(Recorded data)

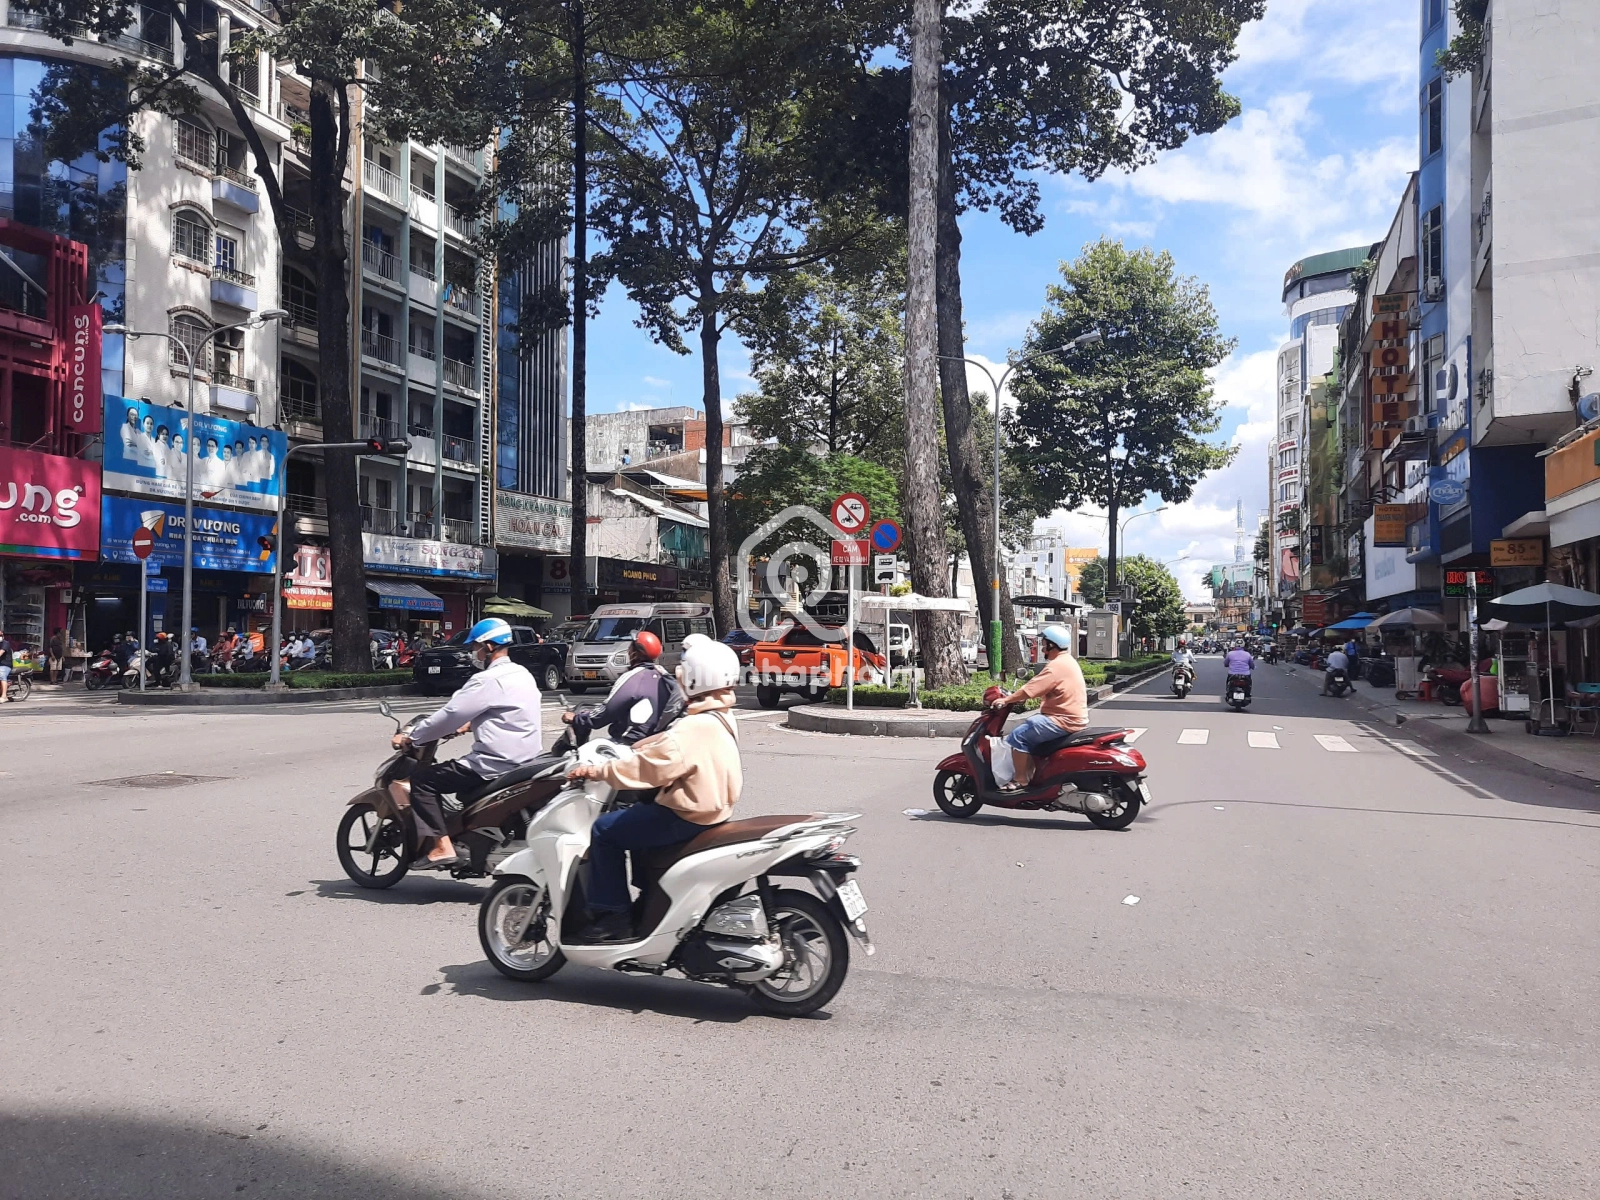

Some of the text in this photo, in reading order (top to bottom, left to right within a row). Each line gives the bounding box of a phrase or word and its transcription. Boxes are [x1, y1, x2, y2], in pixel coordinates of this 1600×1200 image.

[73, 314, 90, 423] concung
[15, 512, 52, 524] .com
[842, 542, 858, 553] CẤM
[1507, 543, 1526, 554] 85
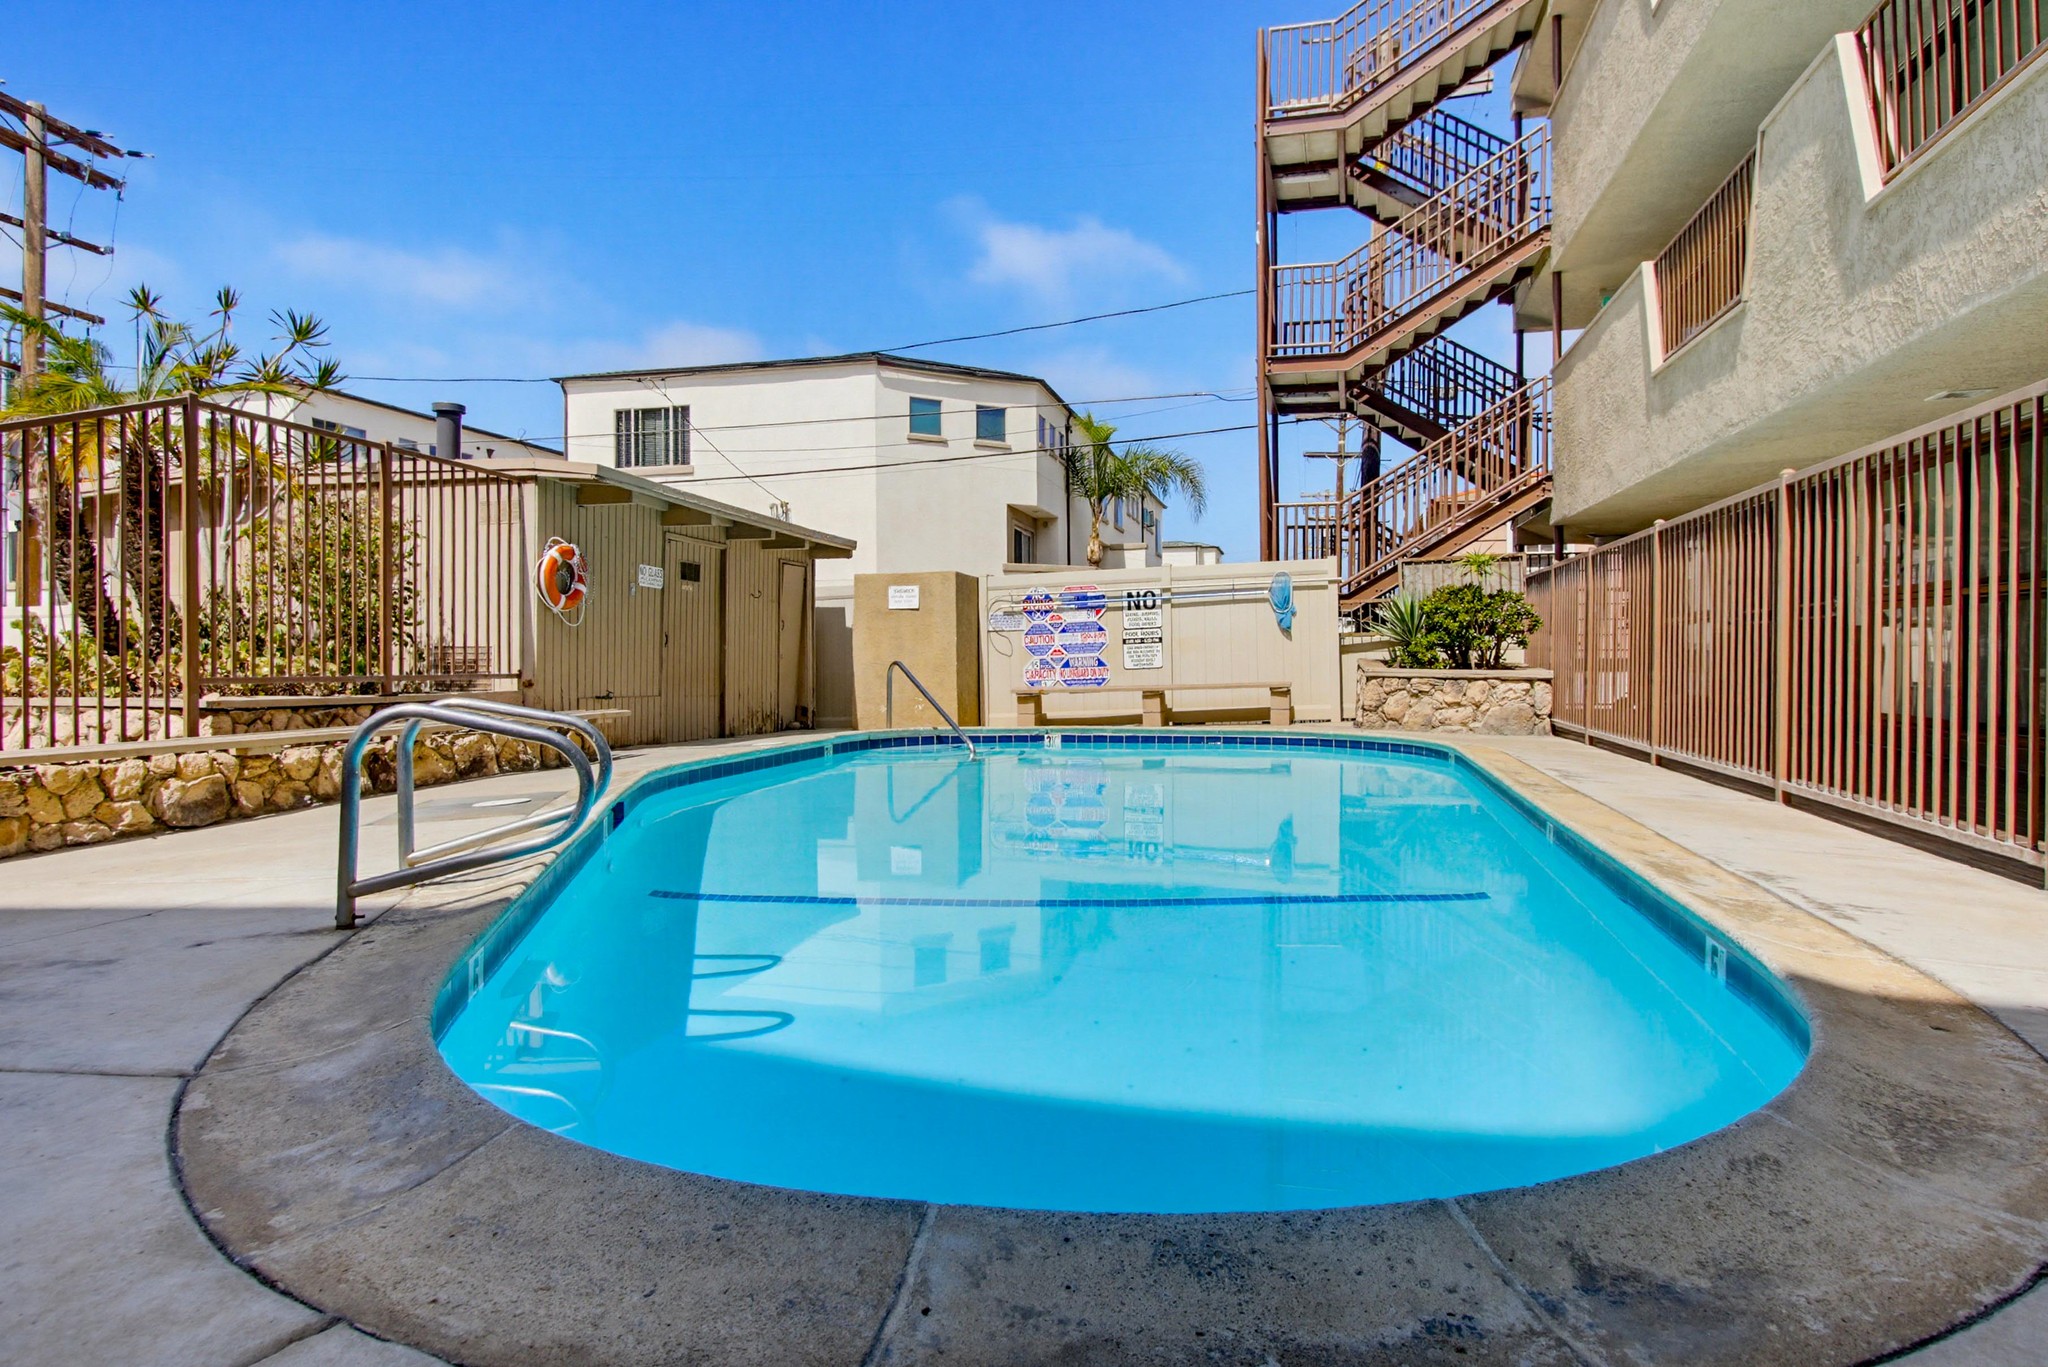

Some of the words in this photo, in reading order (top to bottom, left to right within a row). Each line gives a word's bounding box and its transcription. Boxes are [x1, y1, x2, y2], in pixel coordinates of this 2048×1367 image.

[648, 567, 663, 579] GLASS
[1127, 590, 1156, 611] NO
[1023, 634, 1055, 645] CAUTION
[1069, 656, 1099, 667] WARNING
[1025, 670, 1056, 680] CAPACITY
[1090, 668, 1097, 677] ON
[1098, 667, 1110, 677] DUTY
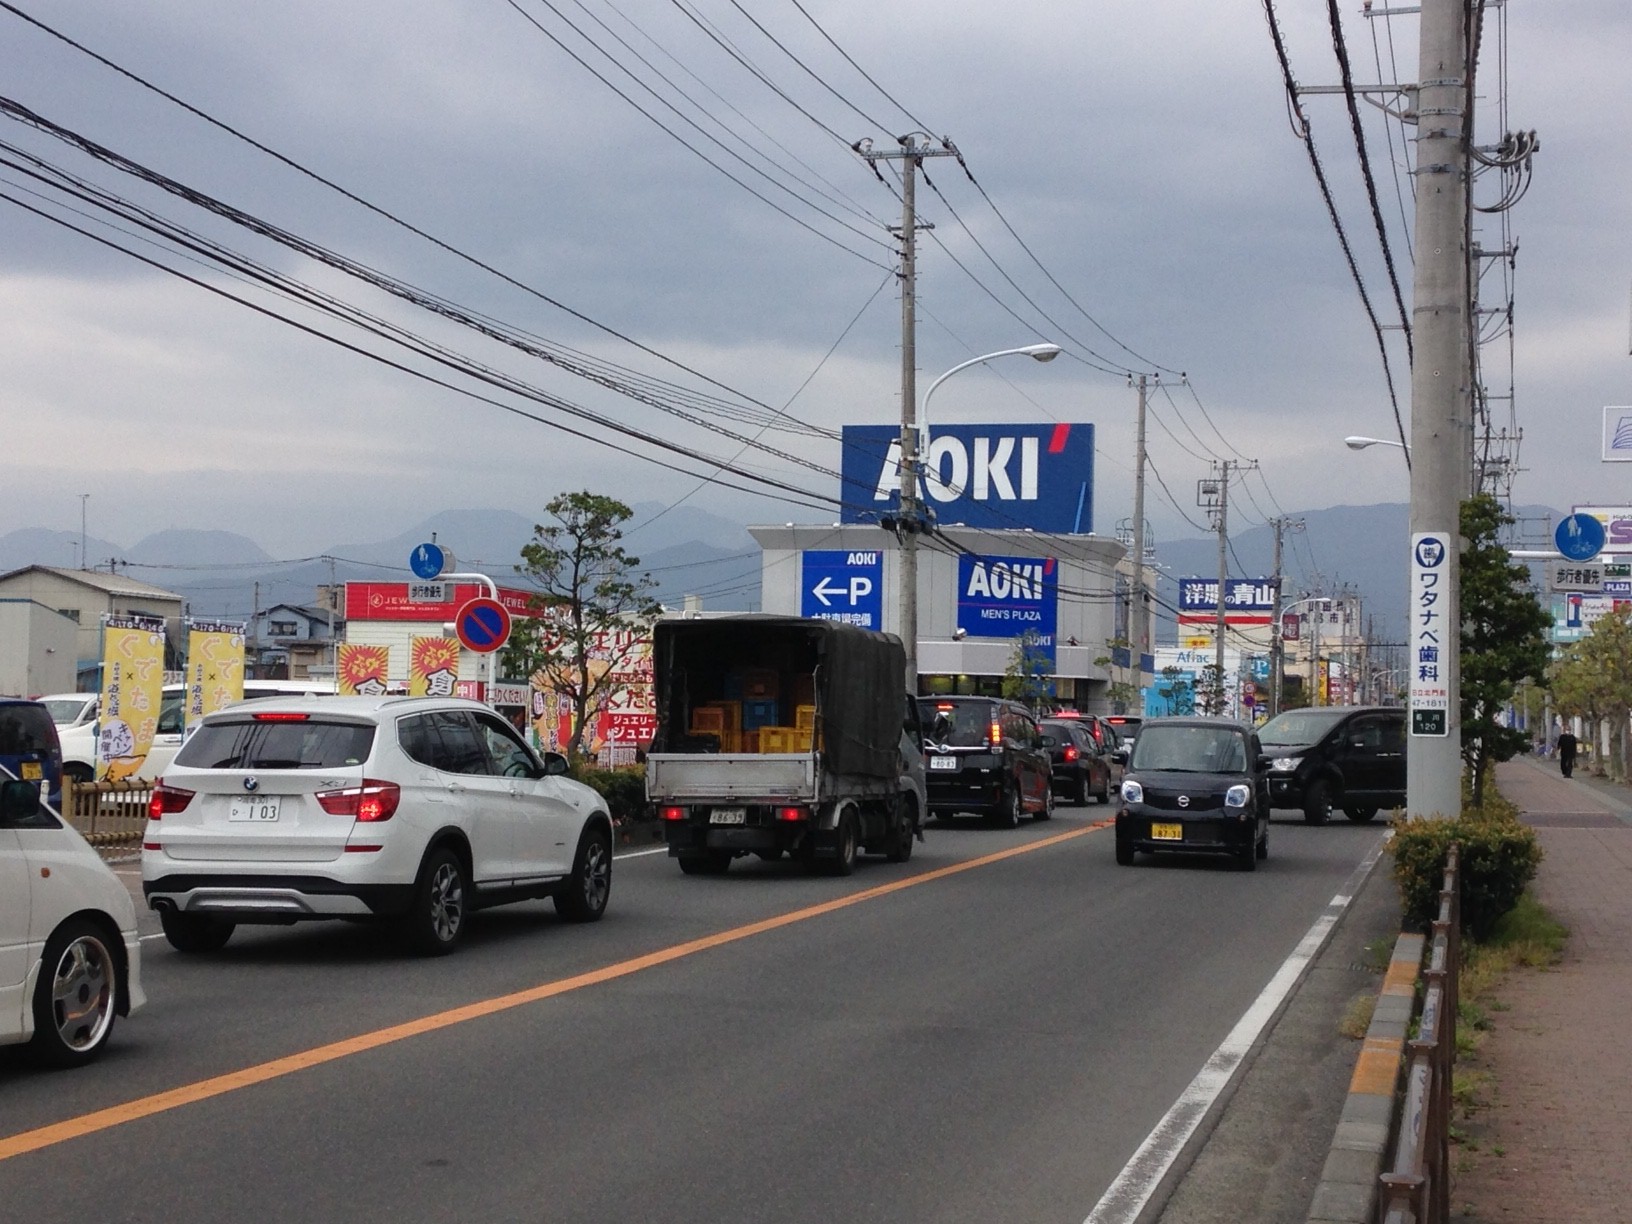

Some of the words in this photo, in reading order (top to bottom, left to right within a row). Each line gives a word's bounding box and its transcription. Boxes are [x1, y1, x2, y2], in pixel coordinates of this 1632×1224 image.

§ Assignment:
All of the data above should be transcribed verbatim, with pictures omitted.

§ Result of this task:
Some of the text in this photo, in reading order (top to bottom, left to right within a row). Each line gives the bounding box of a phrase or word and its transcription. Boxes are [x1, y1, x2, y2], in pixel coordinates of this 1600×1200 image.

[73, 314, 90, 423] concung
[15, 512, 52, 524] .com
[842, 542, 858, 553] CẤM
[1507, 543, 1526, 554] 85

Some of the words in this photo, in reading order (top to bottom, left to right within a row). Each line gives a word's bounding box and its transcription. Boxes are [x1, y1, x2, y2], in pixel coordinates of this 2048×1367 image.

[648, 567, 663, 579] GLASS
[1127, 590, 1156, 611] NO
[1023, 634, 1055, 645] CAUTION
[1069, 656, 1099, 667] WARNING
[1025, 670, 1056, 680] CAPACITY
[1090, 668, 1097, 677] ON
[1098, 667, 1110, 677] DUTY

Some of the words in this photo, in reading order (top to bottom, left to right within a row). Each line gives a word's bounding box and its transcription. Boxes are [x1, y1, x2, y2], in pixel coordinates of this 1632×1224 image.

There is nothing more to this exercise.